> [DIRECTIONS FOR THIS TASK]
Copy the records that follow exactly as written, but not their pictures.
─── GIVEN INFORMATION ───
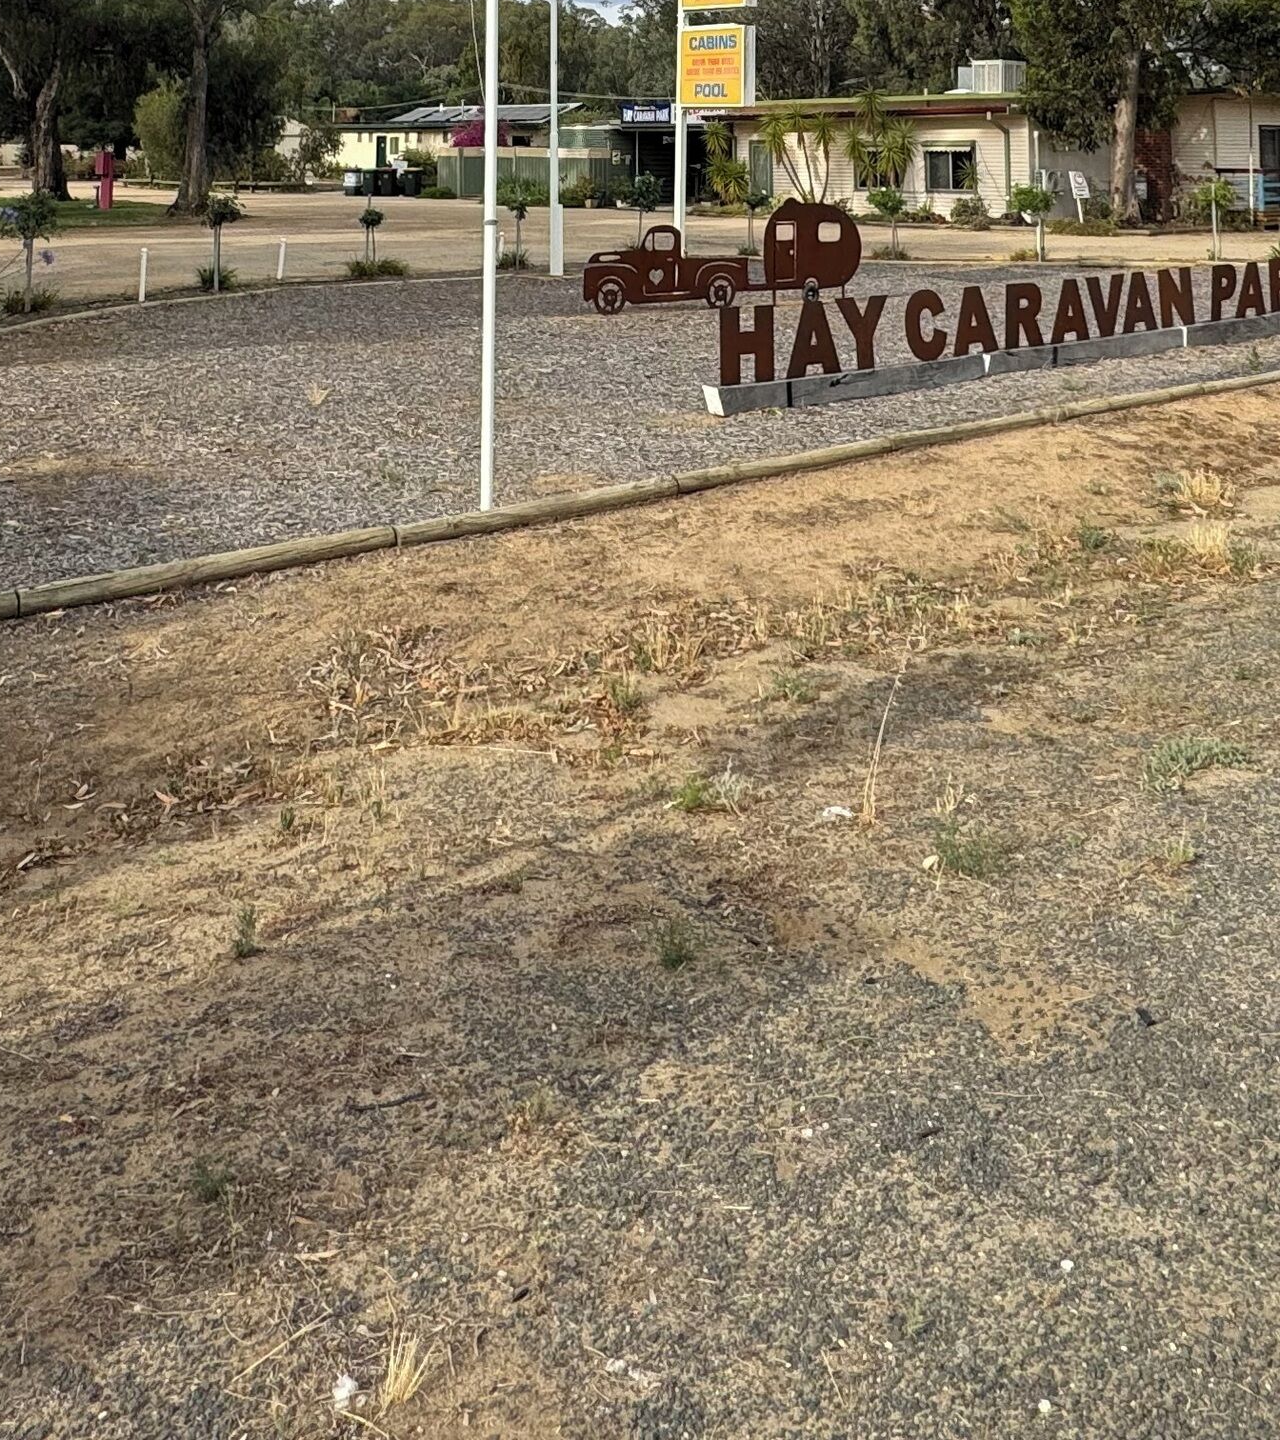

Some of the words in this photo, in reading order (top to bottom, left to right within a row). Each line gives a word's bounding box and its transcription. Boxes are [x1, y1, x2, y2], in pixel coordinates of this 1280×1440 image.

[689, 33, 737, 51] CABINS
[694, 82, 728, 98] POOL
[720, 295, 887, 386] HAY
[904, 266, 1195, 362] CARAVAN
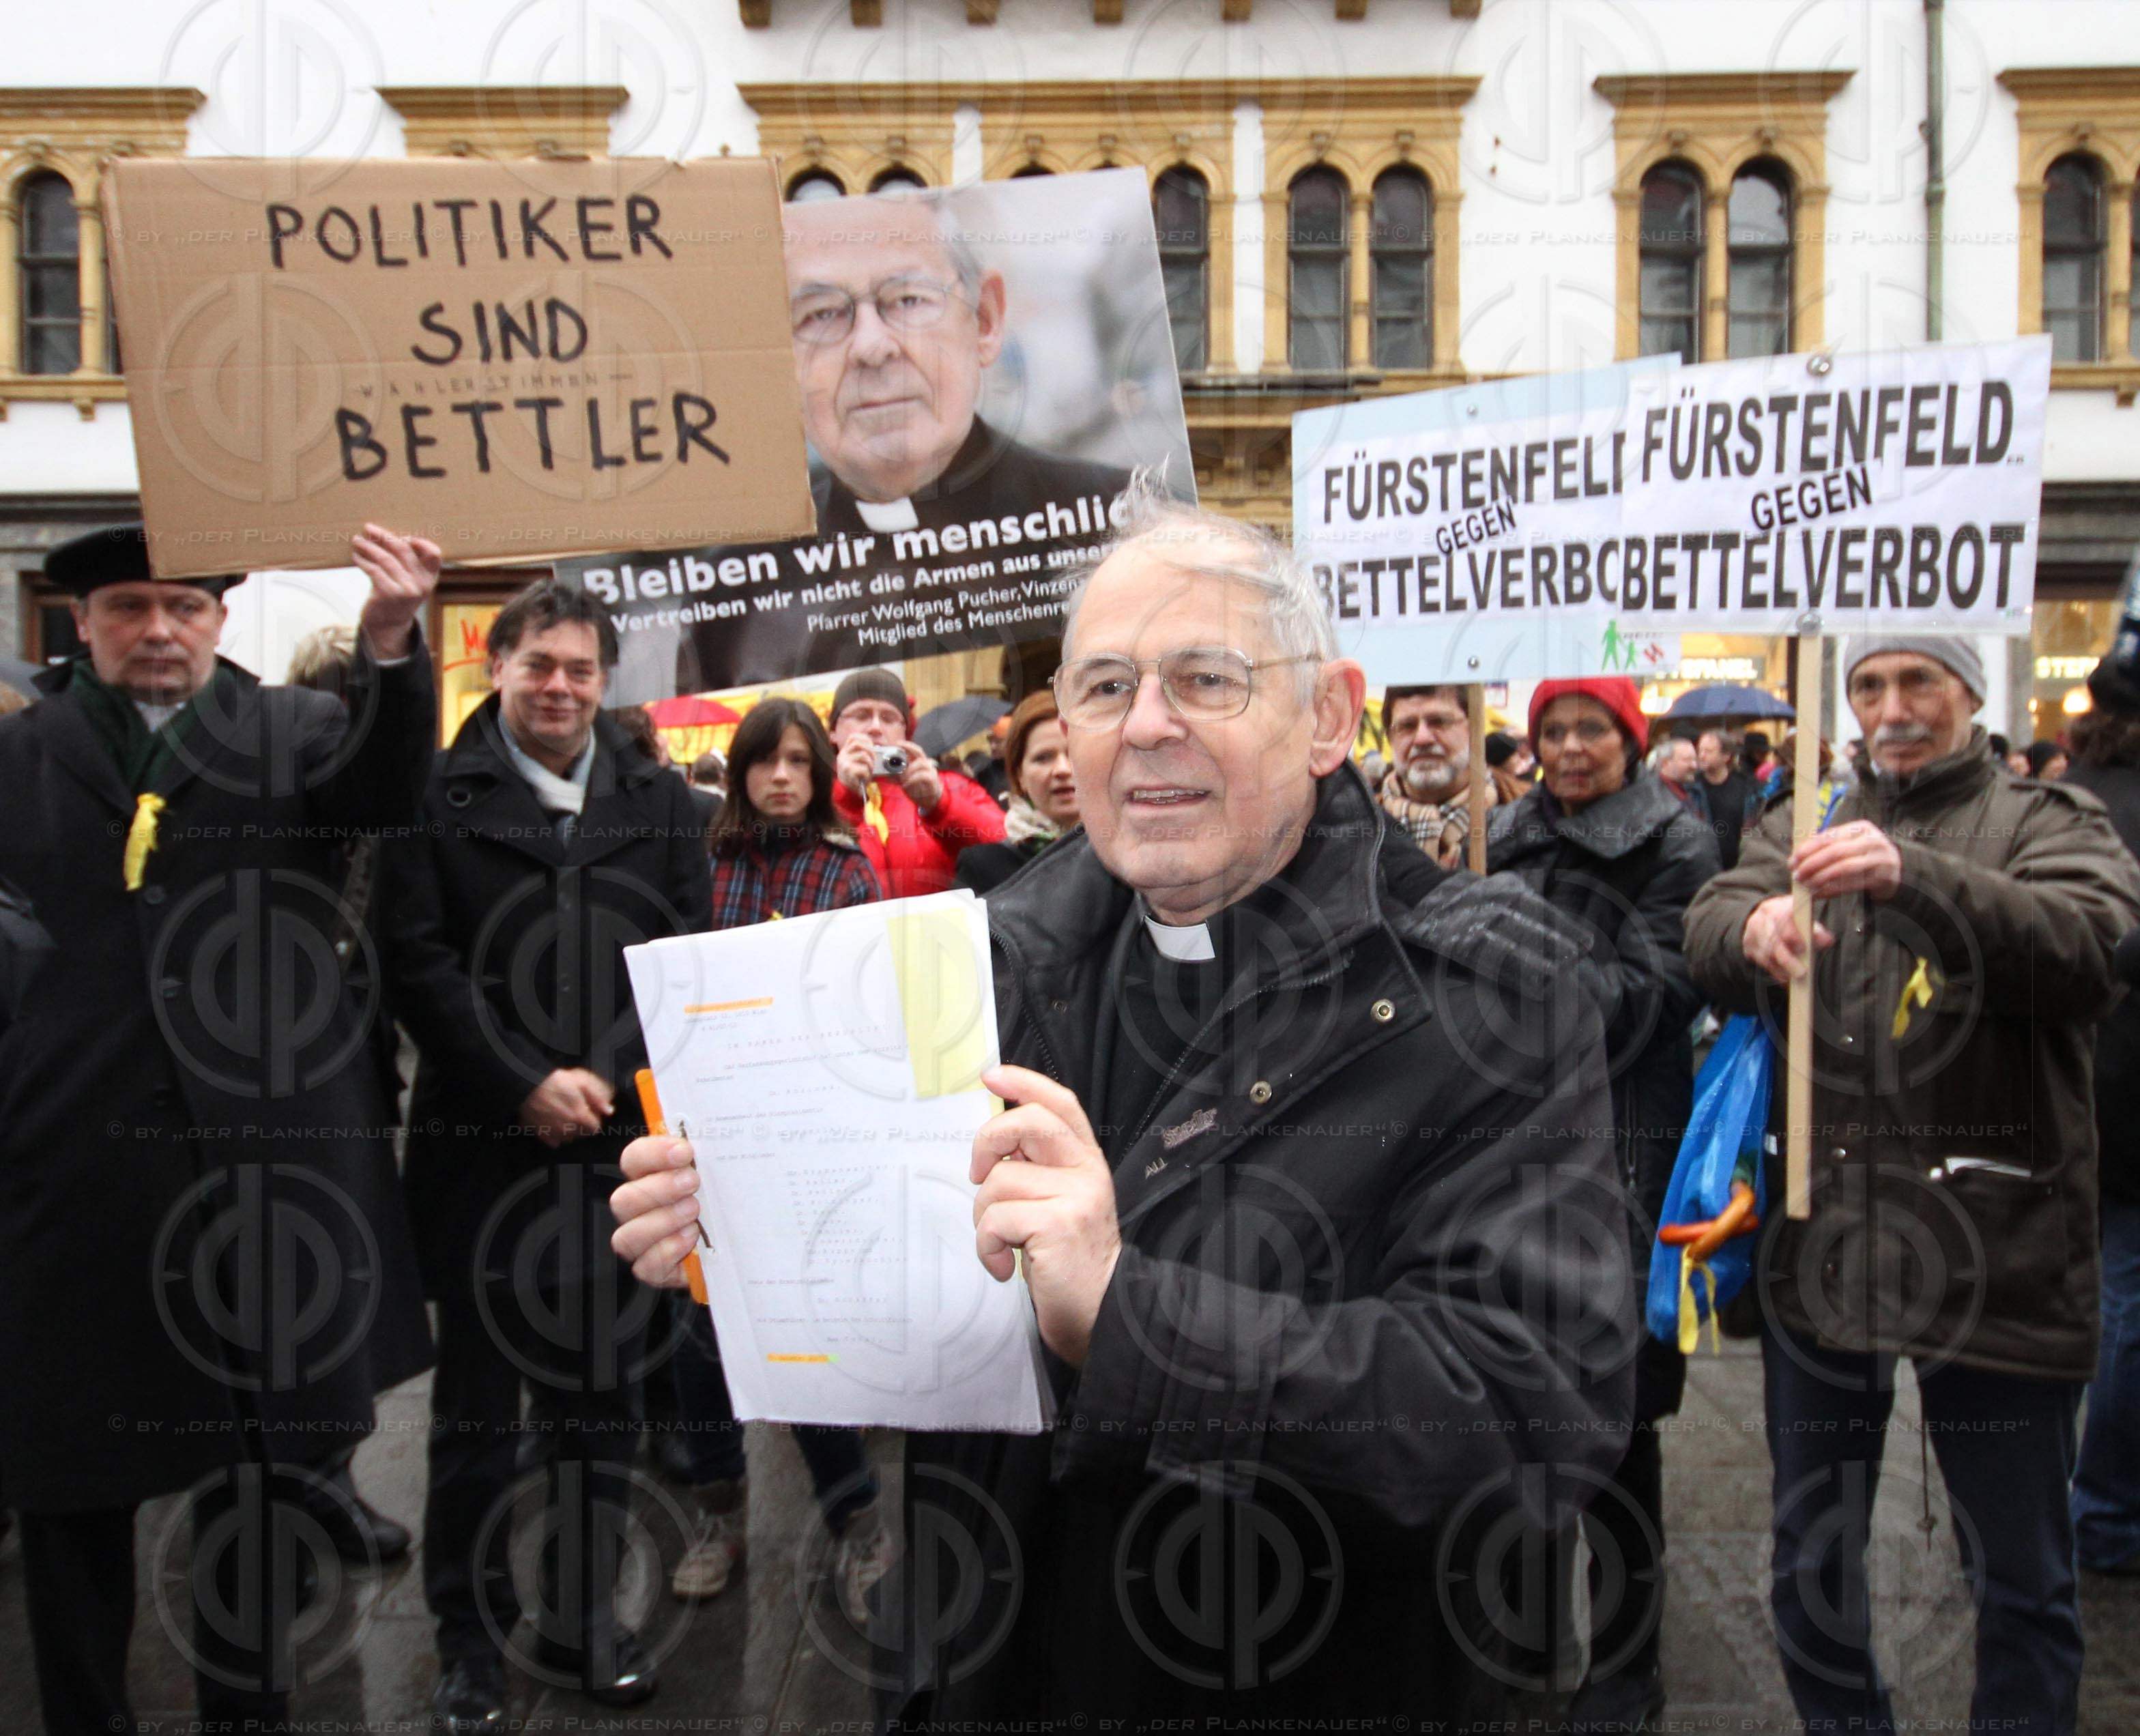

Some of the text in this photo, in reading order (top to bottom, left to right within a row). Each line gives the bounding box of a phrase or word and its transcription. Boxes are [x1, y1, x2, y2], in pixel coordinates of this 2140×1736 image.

[267, 194, 674, 269] POLITIKER
[411, 297, 588, 364] SIND
[335, 392, 730, 480] BETTLER
[1642, 378, 2014, 482] FÜRSTENFELD
[1435, 500, 1517, 557] GEGEN
[1751, 466, 1873, 531] GEGEN
[583, 551, 779, 605] Bleiben
[794, 532, 875, 575] wir
[610, 598, 747, 634] Vertreiben
[753, 590, 794, 612] wir
[801, 579, 862, 605] nicht
[869, 573, 906, 595] die
[913, 561, 995, 588] Armen
[1002, 552, 1041, 575] aus
[1621, 521, 2026, 611] BETTELVERBOT
[807, 607, 869, 633] Pfarrer
[871, 596, 954, 622] Wolfgang
[858, 621, 927, 647] Mitglied
[934, 616, 962, 635] des
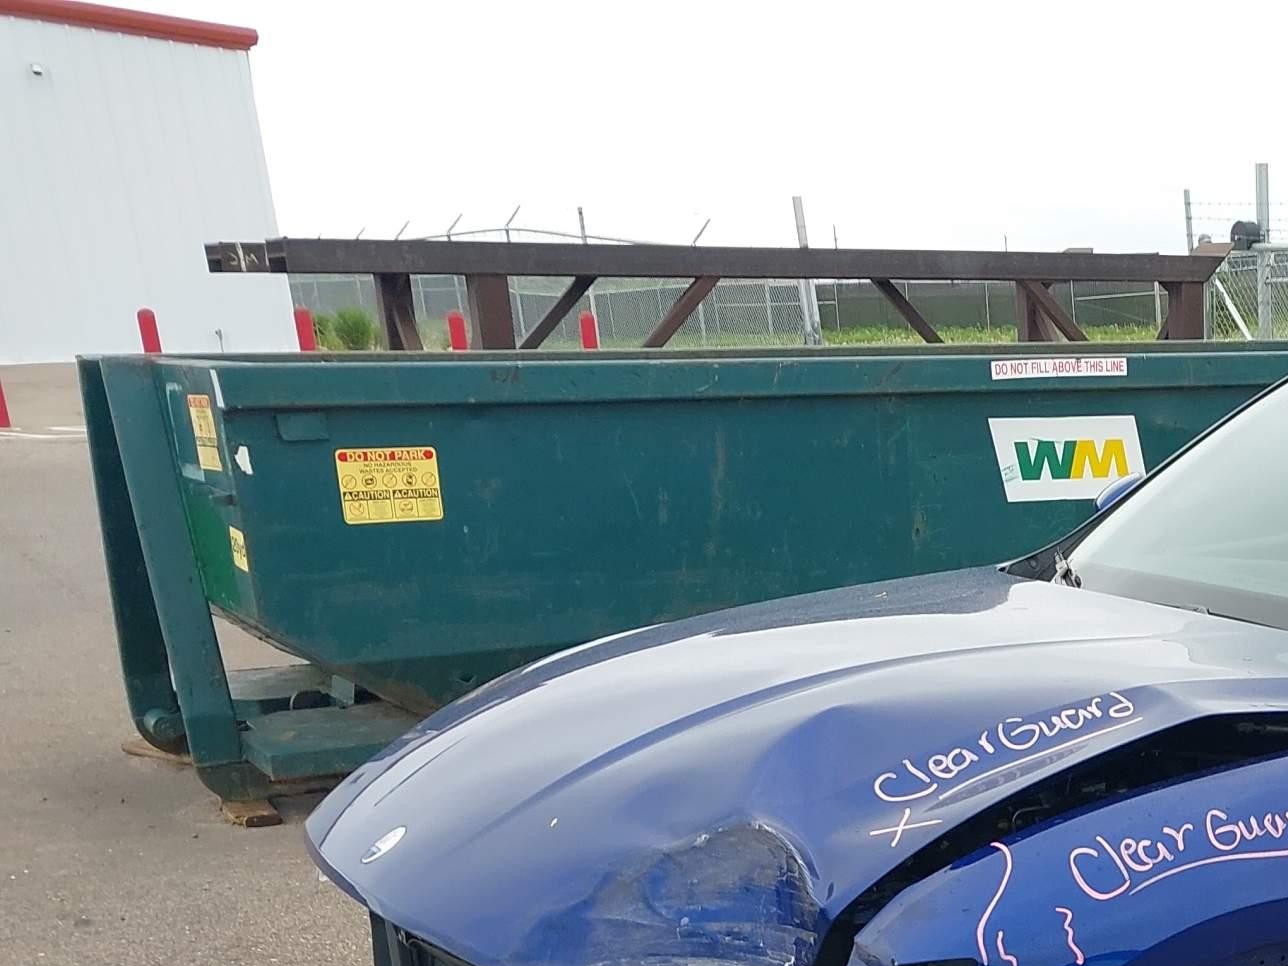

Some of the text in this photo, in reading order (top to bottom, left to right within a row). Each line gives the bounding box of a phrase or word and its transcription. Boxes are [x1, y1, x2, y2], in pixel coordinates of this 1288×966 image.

[995, 360, 1125, 376] DO NOT FILL ABOVE THIS LINE
[346, 449, 426, 463] DO NOT PARK
[1013, 438, 1130, 481] WM
[352, 490, 391, 500] CAUTION
[401, 488, 439, 499] CAUTION
[1069, 823, 1194, 900] Clear
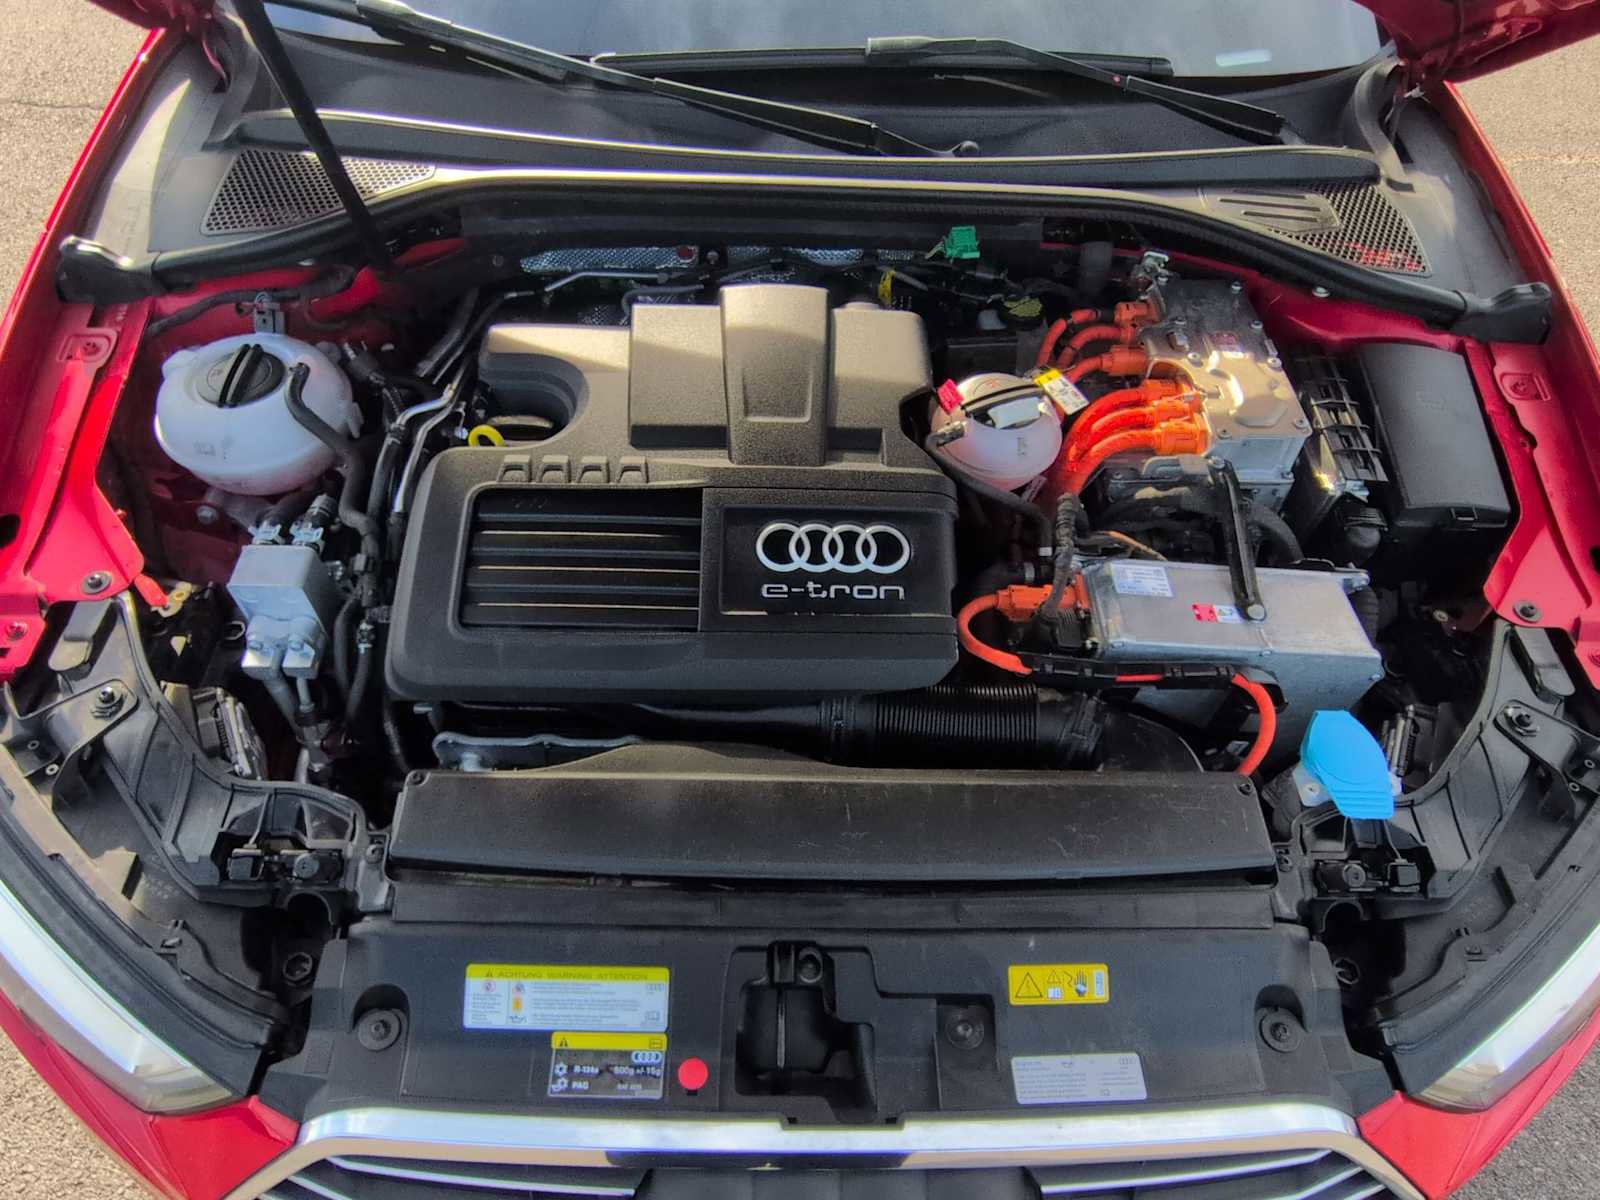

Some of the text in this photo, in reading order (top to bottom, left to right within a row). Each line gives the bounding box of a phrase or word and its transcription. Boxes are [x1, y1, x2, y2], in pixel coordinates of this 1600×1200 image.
───
> [COMPLETED TASK]
Some of the words in this photo, in reading order (top to bottom, left to right within a row). Each line gives a word's bounding box and its transcription. Boxes are [x1, y1, x2, y2], in pixel coordinates of this 1280×1440 image.

[689, 33, 737, 51] CABINS
[694, 82, 728, 98] POOL
[720, 295, 887, 386] HAY
[904, 266, 1195, 362] CARAVAN

Some of the text in this photo, in reading order (top to bottom, left to right within a row). Each line gives the bounding box of a phrase or word and its transcription. Boxes are [x1, y1, x2, y2], in pixel coordinates of this 2140×1736 image.

[267, 194, 674, 269] POLITIKER
[411, 297, 588, 364] SIND
[335, 392, 730, 480] BETTLER
[1642, 378, 2014, 482] FÜRSTENFELD
[1435, 500, 1517, 557] GEGEN
[1751, 466, 1873, 531] GEGEN
[583, 551, 779, 605] Bleiben
[794, 532, 875, 575] wir
[610, 598, 747, 634] Vertreiben
[753, 590, 794, 612] wir
[801, 579, 862, 605] nicht
[869, 573, 906, 595] die
[913, 561, 995, 588] Armen
[1002, 552, 1041, 575] aus
[1621, 521, 2026, 611] BETTELVERBOT
[807, 607, 869, 633] Pfarrer
[871, 596, 954, 622] Wolfgang
[858, 621, 927, 647] Mitglied
[934, 616, 962, 635] des

Some of the text in this photo, in reading order (top to bottom, left to right within a row). Each line gives the bounding box of a phrase or word and its transcription. Boxes are [x1, y1, x2, y2], in pixel coordinates of this 1288×966 image.

[995, 360, 1125, 376] DO NOT FILL ABOVE THIS LINE
[346, 449, 426, 463] DO NOT PARK
[1013, 438, 1130, 481] WM
[352, 490, 391, 500] CAUTION
[401, 488, 439, 499] CAUTION
[1069, 823, 1194, 900] Clear

Some of the text in this photo, in reading order (top to bottom, left to right within a row). Each line gives the bounding box of a phrase or word and its transcription. Boxes are [x1, y1, x2, y2], in pixel coordinates of this 1600×1200 image.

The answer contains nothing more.